(Spatial localization data)
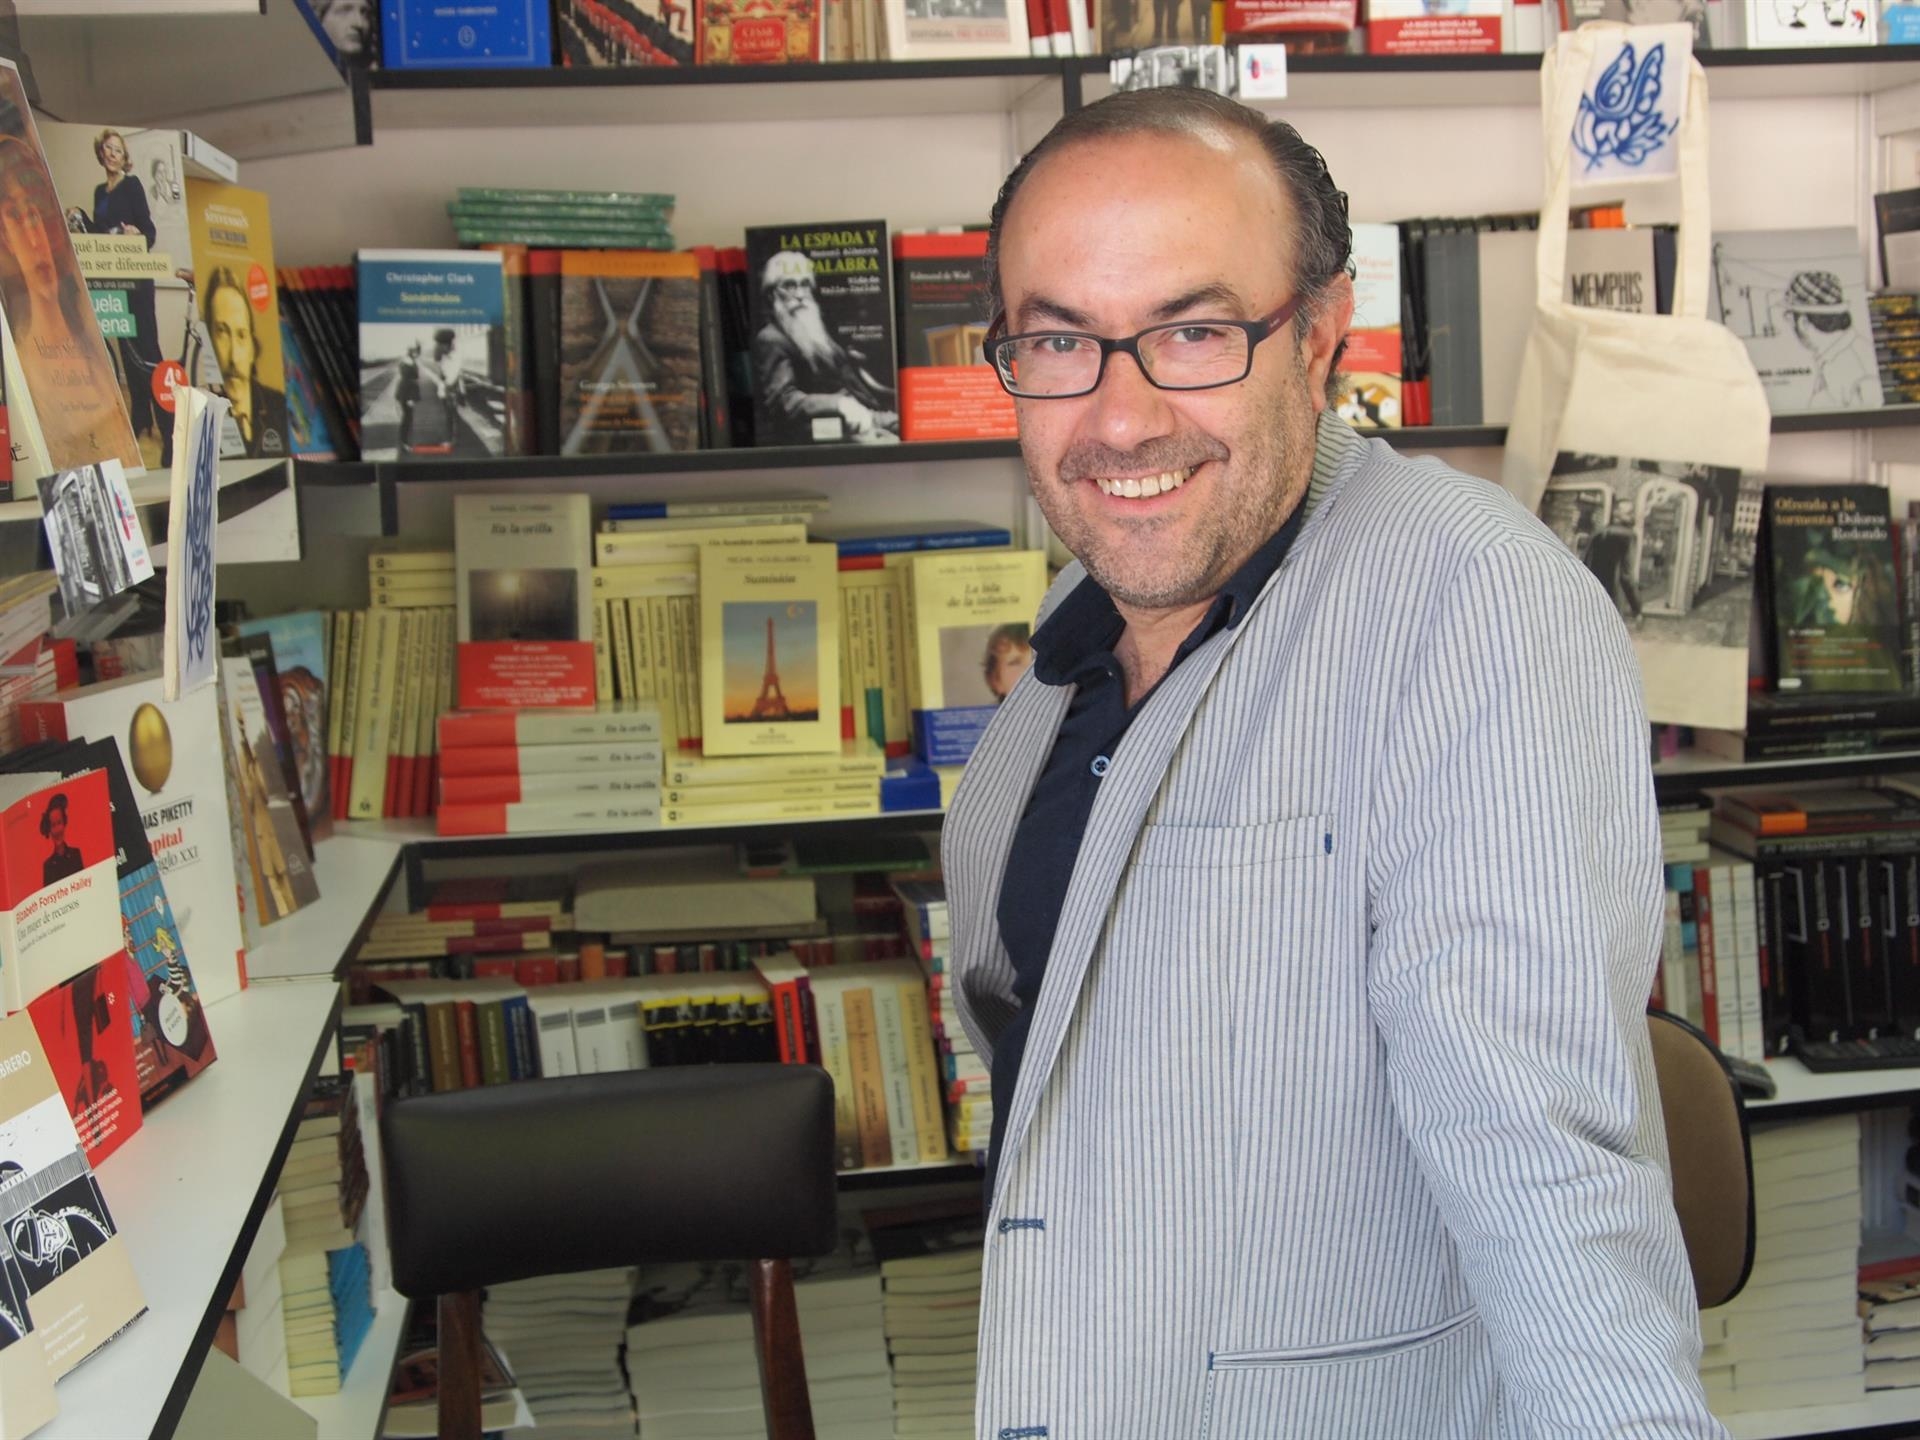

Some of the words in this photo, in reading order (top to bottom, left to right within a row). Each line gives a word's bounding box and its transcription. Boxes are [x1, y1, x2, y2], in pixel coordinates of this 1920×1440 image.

[73, 242, 92, 256] qué
[94, 240, 111, 253] las
[113, 242, 143, 253] cosas
[780, 234, 801, 250] LA
[803, 230, 864, 248] ESPADA
[866, 229, 878, 246] Y
[80, 261, 93, 271] en
[95, 261, 112, 271] ser
[115, 257, 168, 272] diferentes
[782, 260, 801, 274] LA
[806, 256, 879, 274] PALABRA
[385, 271, 444, 284] Christopher
[447, 272, 475, 284] Clark
[909, 270, 942, 281] Edmund
[1572, 272, 1643, 306] MEMPHIS
[95, 293, 123, 313] uela
[101, 318, 130, 334] ena
[1831, 527, 1888, 541] Redondo
[160, 799, 193, 825] PIKETTY
[152, 826, 183, 856] pital
[38, 887, 69, 908] Forsythe
[0, 1050, 32, 1079] BRERO
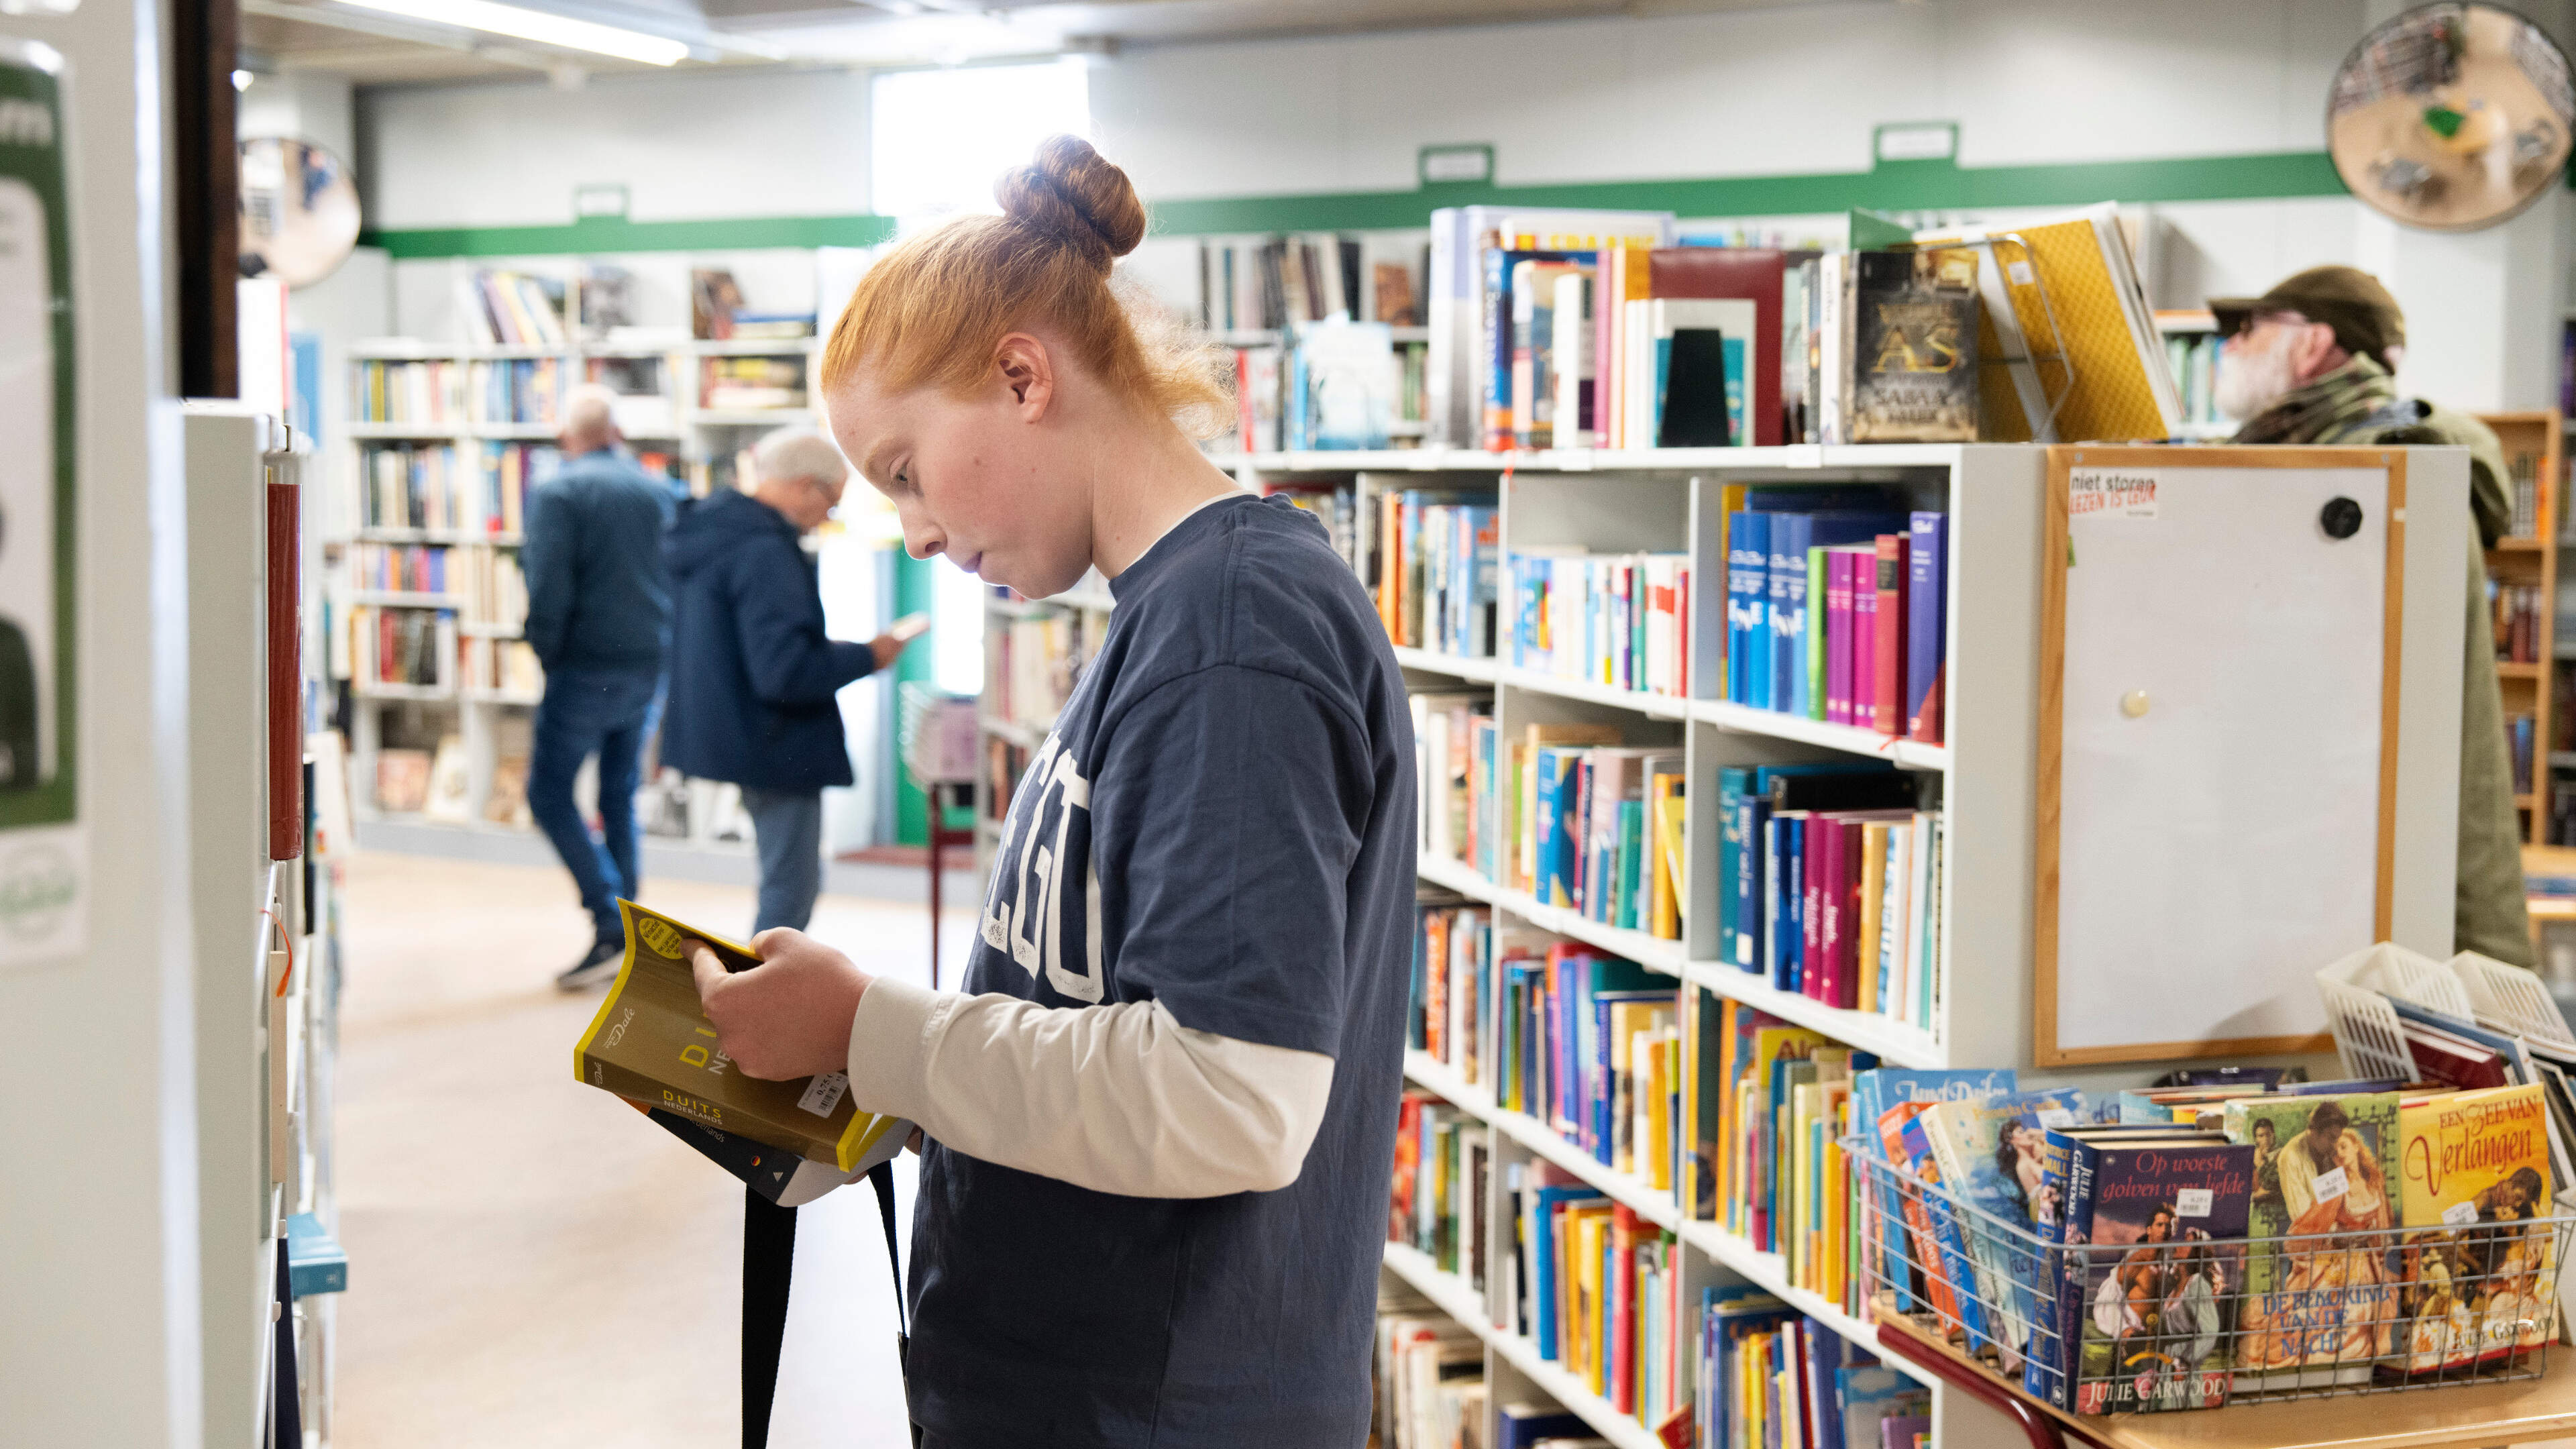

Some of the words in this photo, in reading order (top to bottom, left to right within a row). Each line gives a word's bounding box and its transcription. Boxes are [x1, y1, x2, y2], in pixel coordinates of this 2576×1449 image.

[2072, 474, 2100, 492] niet
[2069, 491, 2105, 515] LEZEN
[604, 1008, 635, 1046] Dale
[663, 1089, 722, 1118] DUITS
[664, 1099, 722, 1125] NEDERLANDS
[2439, 1110, 2465, 1129] EEN
[2466, 1102, 2504, 1136] ZEE
[2506, 1094, 2538, 1121] VAN
[2136, 1150, 2167, 1177] Op
[2172, 1154, 2227, 1173] woeste
[2404, 1126, 2532, 1197] Verlangen
[2068, 1149, 2084, 1216] GARWOOD
[2079, 1164, 2094, 1199] JULIE
[2101, 1175, 2159, 1204] golven
[2205, 1172, 2245, 1201] liefde
[2263, 1295, 2288, 1315] DE
[2086, 1380, 2134, 1408] JULIE
[2137, 1377, 2225, 1401] GARWOOD

## What is needed
Would you transcribe all of the data exactly, omitting any pictures?

## Answer to this problem
Some of the words in this photo, in reading order (top to bottom, left to right within a row). Each line gives a word's bounding box and its transcription. Boxes are [x1, y1, x2, y2], in pixel coordinates of this 1920×1440 image.

[73, 242, 92, 256] qué
[94, 240, 111, 253] las
[113, 242, 143, 253] cosas
[780, 234, 801, 250] LA
[803, 230, 864, 248] ESPADA
[866, 229, 878, 246] Y
[80, 261, 93, 271] en
[95, 261, 112, 271] ser
[115, 257, 168, 272] diferentes
[782, 260, 801, 274] LA
[806, 256, 879, 274] PALABRA
[385, 271, 444, 284] Christopher
[447, 272, 475, 284] Clark
[909, 270, 942, 281] Edmund
[1572, 272, 1643, 306] MEMPHIS
[95, 293, 123, 313] uela
[101, 318, 130, 334] ena
[1831, 527, 1888, 541] Redondo
[160, 799, 193, 825] PIKETTY
[152, 826, 183, 856] pital
[38, 887, 69, 908] Forsythe
[0, 1050, 32, 1079] BRERO

Some of the words in this photo, in reading order (top to bottom, left to right within a row). Each line gives a word's bounding box and its transcription. Boxes are [x1, y1, x2, y2], in pixel coordinates of this 2576×1449 image.

[2072, 474, 2100, 492] niet
[2069, 491, 2105, 515] LEZEN
[604, 1008, 635, 1046] Dale
[663, 1089, 722, 1118] DUITS
[664, 1099, 722, 1125] NEDERLANDS
[2439, 1110, 2465, 1129] EEN
[2466, 1102, 2504, 1136] ZEE
[2506, 1094, 2538, 1121] VAN
[2136, 1150, 2167, 1177] Op
[2172, 1154, 2227, 1173] woeste
[2404, 1126, 2532, 1197] Verlangen
[2068, 1149, 2084, 1216] GARWOOD
[2079, 1164, 2094, 1199] JULIE
[2101, 1175, 2159, 1204] golven
[2205, 1172, 2245, 1201] liefde
[2263, 1295, 2288, 1315] DE
[2086, 1380, 2134, 1408] JULIE
[2137, 1377, 2225, 1401] GARWOOD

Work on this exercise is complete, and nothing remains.